Comparative Example 5
After separating the methyl ester phase from the reaction mixture after filtration obtained in Comparative Example 4, it was tube-shaped again under the conditions of LHSV 1.5, reaction temperature 182 ° C., reaction pressure 4.0 MPa-G, and a molar ratio of methanol of 10 mol. Reaction was performed using a reactor to obtain a reaction mixture in which the methyl ester concentration in the methyl ester phase was 97.9%. The passing ratio with respect to the catalyst volume was 392 times.
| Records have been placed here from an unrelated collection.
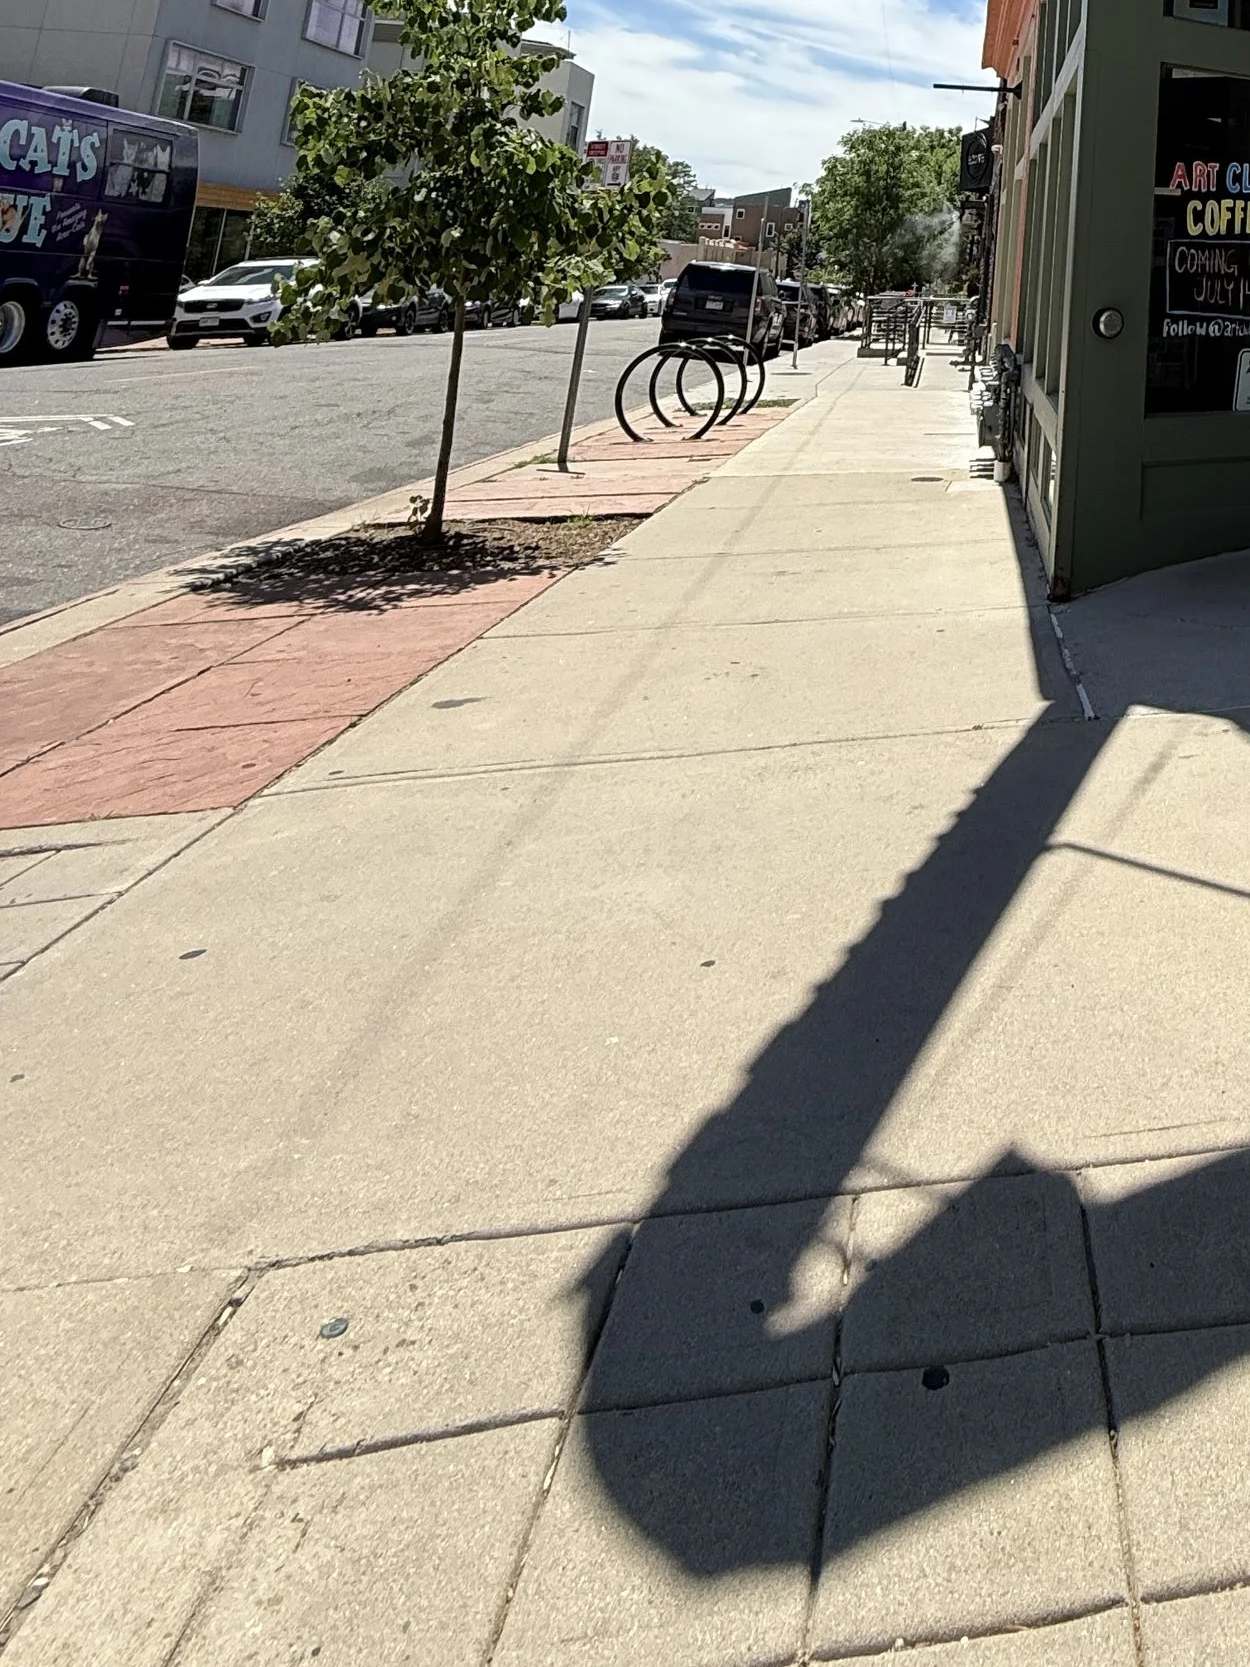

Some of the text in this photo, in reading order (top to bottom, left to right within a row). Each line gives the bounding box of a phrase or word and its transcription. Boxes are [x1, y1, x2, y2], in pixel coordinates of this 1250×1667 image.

[0, 118, 100, 183] CATS
[1169, 160, 1220, 193] ART
[1174, 246, 1238, 276] COMING
[1193, 275, 1234, 306] JULY
[1162, 318, 1207, 338] Follow
This mixture was continuously introduced into a flash distillation can and subjected to flash separation at 120 ° C. and 0 MPa-G to obtain a reaction mixture having a methanol concentration of 2.2%. Further, after continuously cooling to 60 ° C., the solution was filtered through a cartridge filter (CP-01 manufactured by Chisso Filter), but no precipitate was obtained.

  Table 1 shows the reaction conditions of the above Examples and Comparative Examples, the separation results of steryl glucoside, and the like.

Claims (7)

A step of transesterifying the lower fat and the fat and oil containing steryl glucoside in a dissolved state to obtain a reaction mixture;
Then, precipitating steryl glucoside in the reaction mixture;
Separating steryl glucoside from the reaction mixture;
A process for producing fatty acid lower alkyl esters, glycerol and steryl glucoside,
The transesterification, Ri step der carried out until the conversion to fatty acid lower alkyl esters of oils and fats derived from fatty acids is 90% or more,
The step of precipitating steryl glucoside in the reaction mixture is a step of adjusting the temperature of the reaction mixture to 30 to 55 ° C.
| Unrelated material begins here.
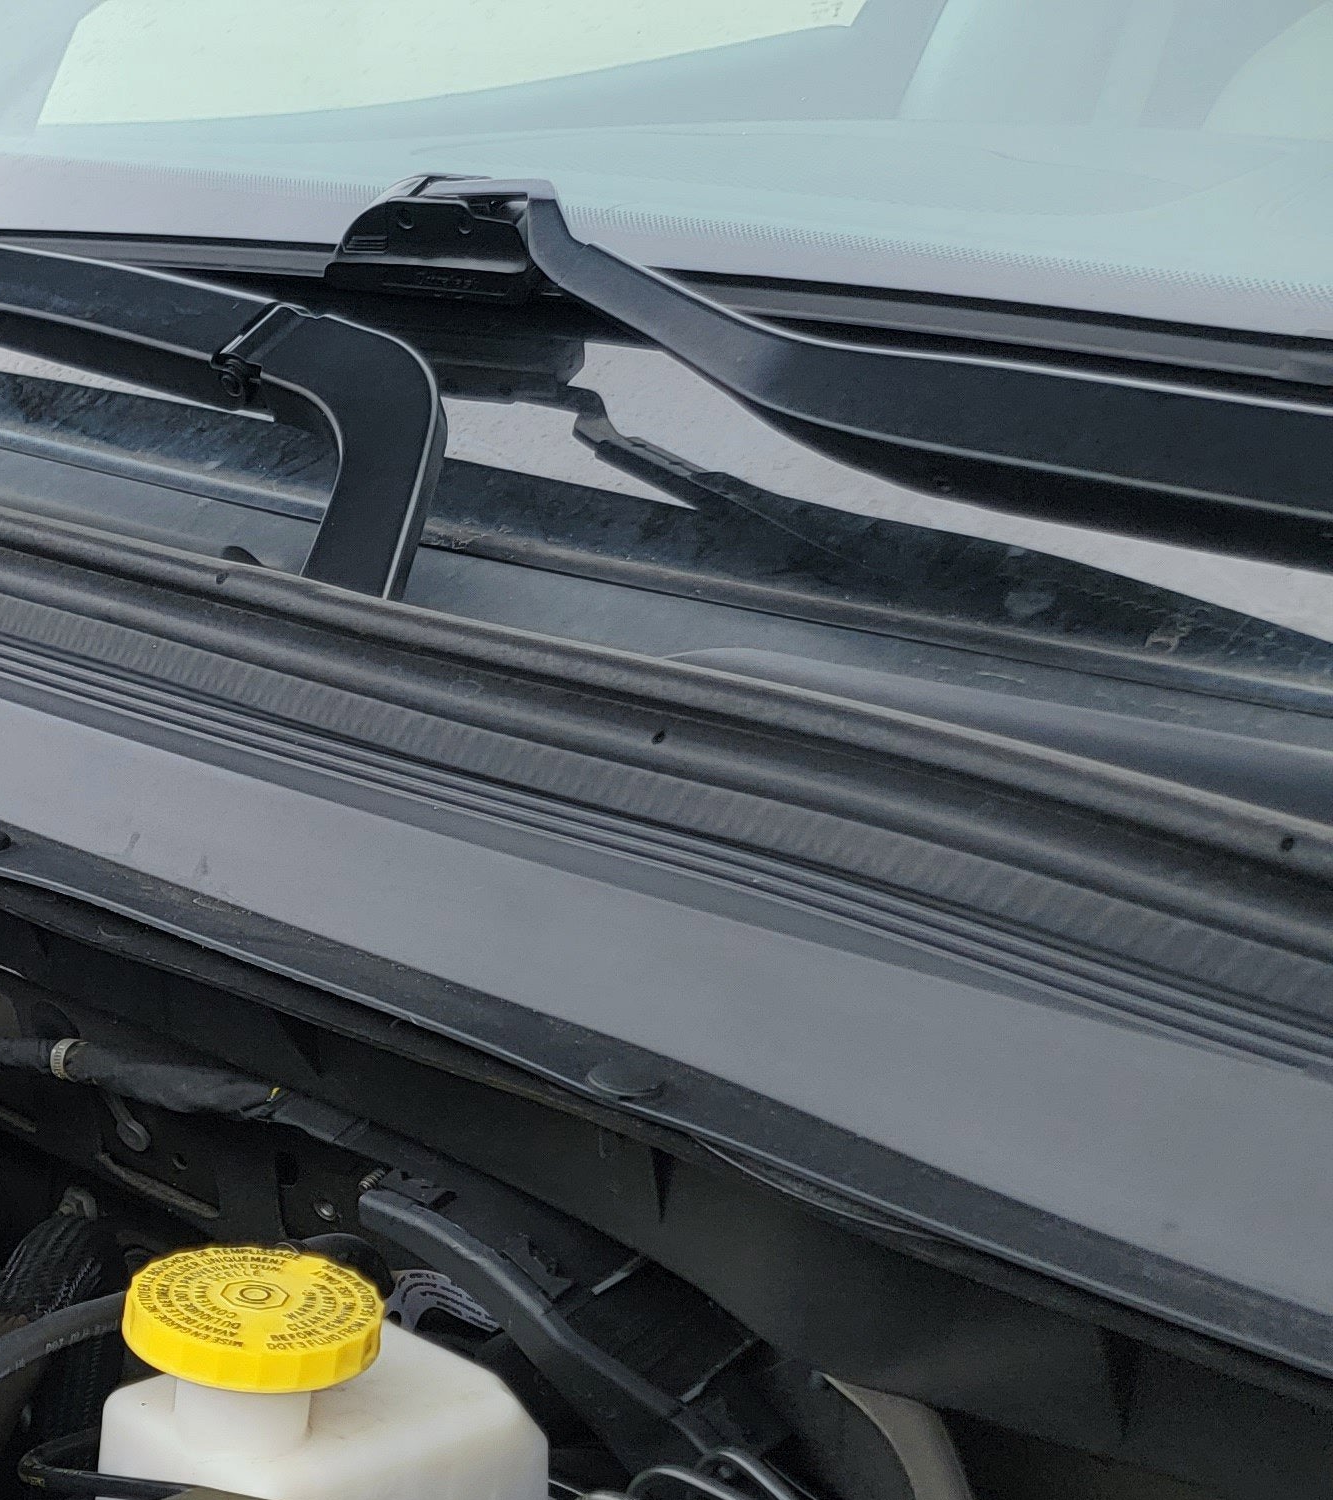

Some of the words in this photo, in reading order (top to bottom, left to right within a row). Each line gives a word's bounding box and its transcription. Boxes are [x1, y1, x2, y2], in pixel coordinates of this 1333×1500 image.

[202, 1255, 288, 1266] UNIQUEMENT
[214, 1248, 300, 1261] REMPLISSAGE
[269, 1328, 324, 1341] BEFORE
[266, 1342, 293, 1350] DOT
The step of separating steryl glucoside from the reaction mixture is a step of separating the 30-55 ° C reaction mixture by filtration,
Production method of fatty acid lower alkyl ester, glycerin and steryl glucoside. Step (a): A step of transesterifying the fat and oil containing steryl glucoside in a dissolved state with a lower alcohol,
Step (b): a step of oil-water separation of the reaction mixture obtained from the step (a),
Step (c): a step of transesterifying the oil phase obtained in step (b) with a lower alcohol,
Step (d): a step of precipitating steryl glucoside in the reaction mixture obtained from step (c),
Step (e): a step of separating steryl glucoside from the reaction mixture obtained from step (d),
Step (f): The process for producing a fatty acid lower alkyl ester, glycerin and steryl glucoside according to claim 1, comprising a step of oil-water separation of the reaction mixture separated in step (e) to obtain a fatty acid alkyl ester and glycerin. The reaction mixture obtained in the transesterification reaction step is a step of obtaining a mixture separated into two phases in a mixture containing a fatty acid lower alkyl ester, unreacted oil, glycerin, lower alcohol, and steryl glucoside,
The fatty acid lower alkyl ester, glycerin and steryl according to claim 1 or 2, wherein the step of precipitating steryl glucoside in the reaction mixture is a step of precipitating a white precipitate of steryl glucoside in the middle of the two phases. Production method of glucoside.   The method for producing a fatty acid lower alkyl ester, glycerin and steryl glucoside according to claim 3, wherein the two phases are a phase containing a fatty acid methyl ester and a phase containing glycerin.   The step of precipitating steryl glucoside in the reaction mixture is a step of adjusting the temperature of the reaction mixture to 30 to 35 ° C, wherein the fatty acid lower alkyl ester, glycerin and stearic acid according to any one of claims 1 to 4. A method for producing rilglucoside. The fatty acid lower of any one of claims 1 to 5 , comprising a step of removing the lower alcohol from the reaction mixture obtained in the transesterification reaction step until the lower alcohol concentration in the reaction mixture becomes 8% by mass or less. A process for producing alkyl esters, glycerin and steryl glucoside. The method for producing a fatty acid lower alkyl ester, glycerin and steryl glucoside according to any one of claims 1 to 6 , wherein the transesterification reaction step is a step performed using a solid acid catalyst.